Current Maryland law prohibits state workers from striking if their contract negotiations reach an impasse. A neutral party could make recommendations, but with no legal authority.
House Bill 159 would change that, allowing a neutral arbitrator to step in, with legally binding recommendations.
Patrick Moran - president of American Federation of State, County, and Municipal Employees' Council 3, which represents 30,000 state employees - said the bill would create a process that gives equal weight to unions and management.
"We want a process that's fair," said Moran. "And what I mean by that is, if we can't come to an agreement, then an arbitrator will get us both at the table and look at the evidence, and say, 'This side is asking for this. The other side is asking for that, and I think I can split the decision down the middle.'"
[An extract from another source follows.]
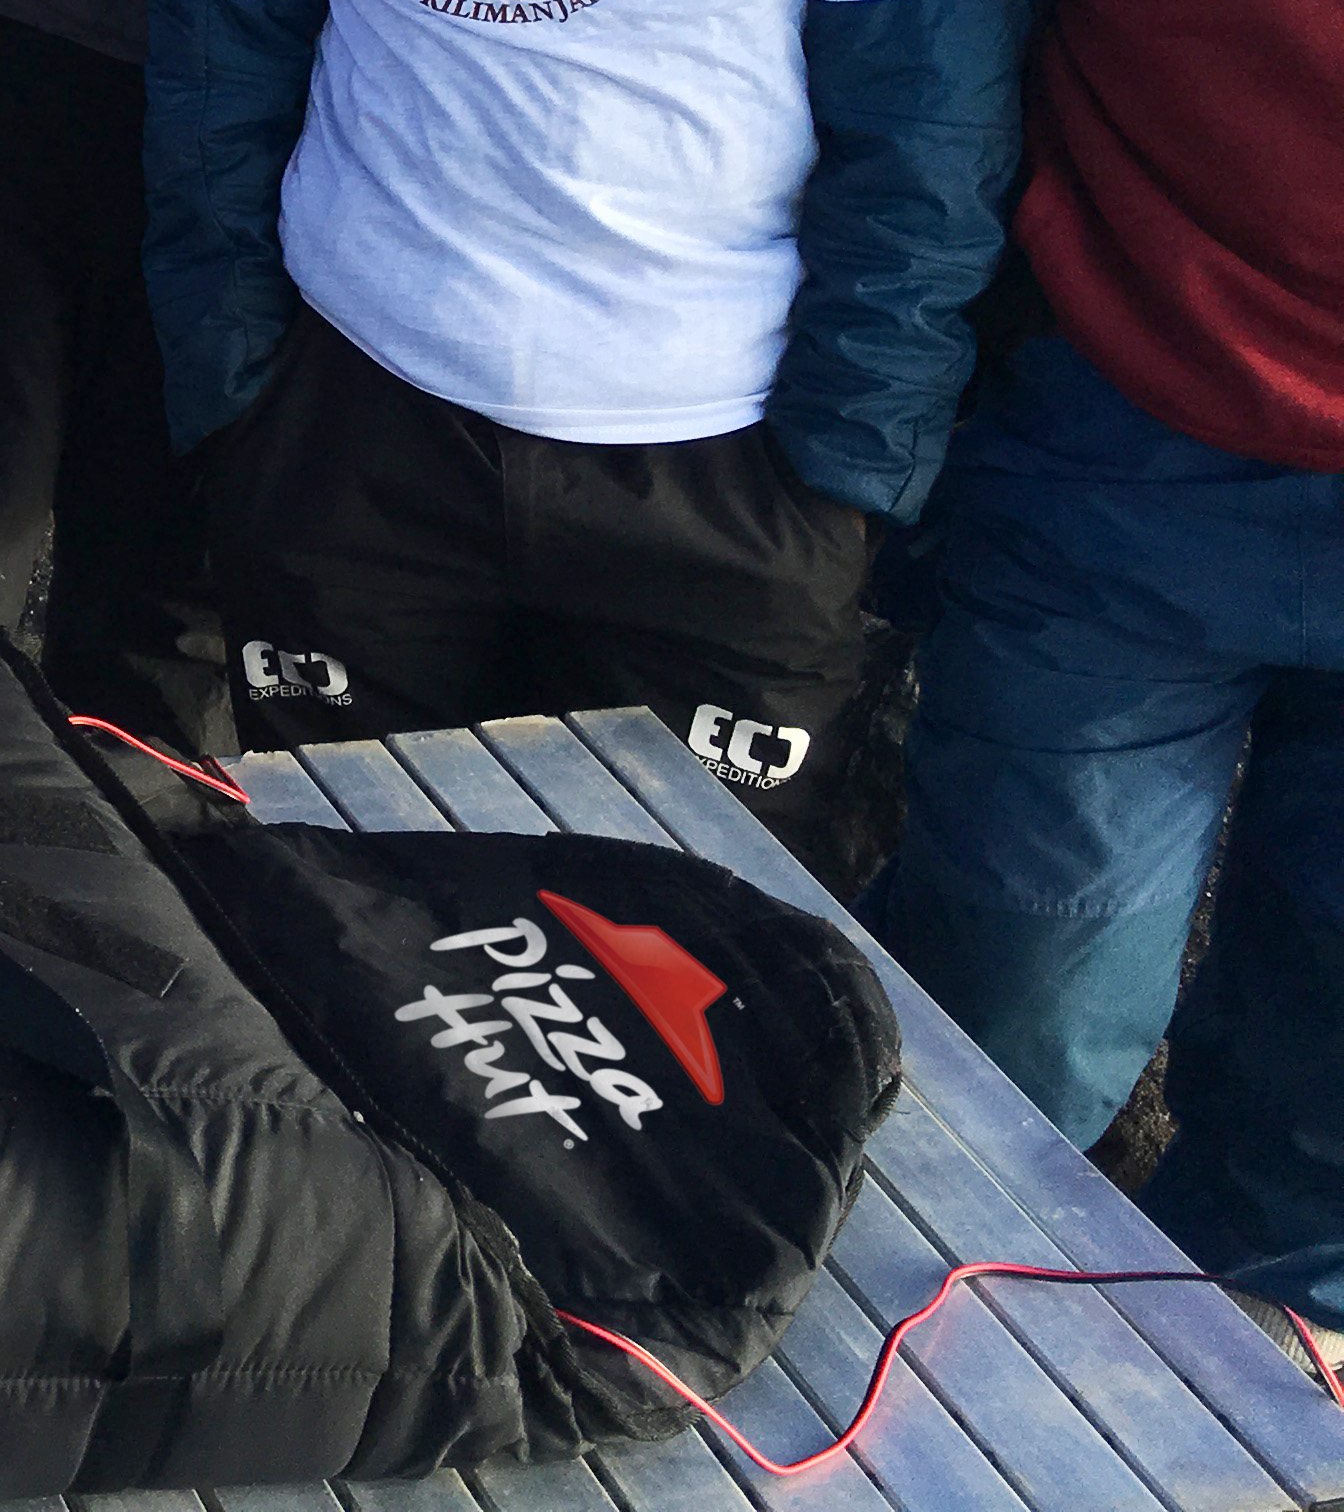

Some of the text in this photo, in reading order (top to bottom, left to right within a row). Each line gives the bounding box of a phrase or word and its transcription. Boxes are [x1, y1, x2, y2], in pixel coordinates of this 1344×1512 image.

Opponents of the bill have said binding arbitration doesn't incentivize unions or management to compromise - an act they view as a vital pillar of union negotiations.
The legislation has been filed each year since 2022, but had never passed in either the House of Delegates or Senate until this session. Now, all eyes are on the Senate.
Moran said the need for an arbitrator depends on management's buy-in to the bargaining process.
"We didn't have an impasse procedure - so we were stuck with whatever the employer at the end, if we couldn't come to an agreement, decided we should take," said Moran. "That's not true bargaining. When we're dealing with rational people across the table, it's easier to come to a mutual conclusion."
If passed, the legislation would go before the Maryland voters as a ballot question.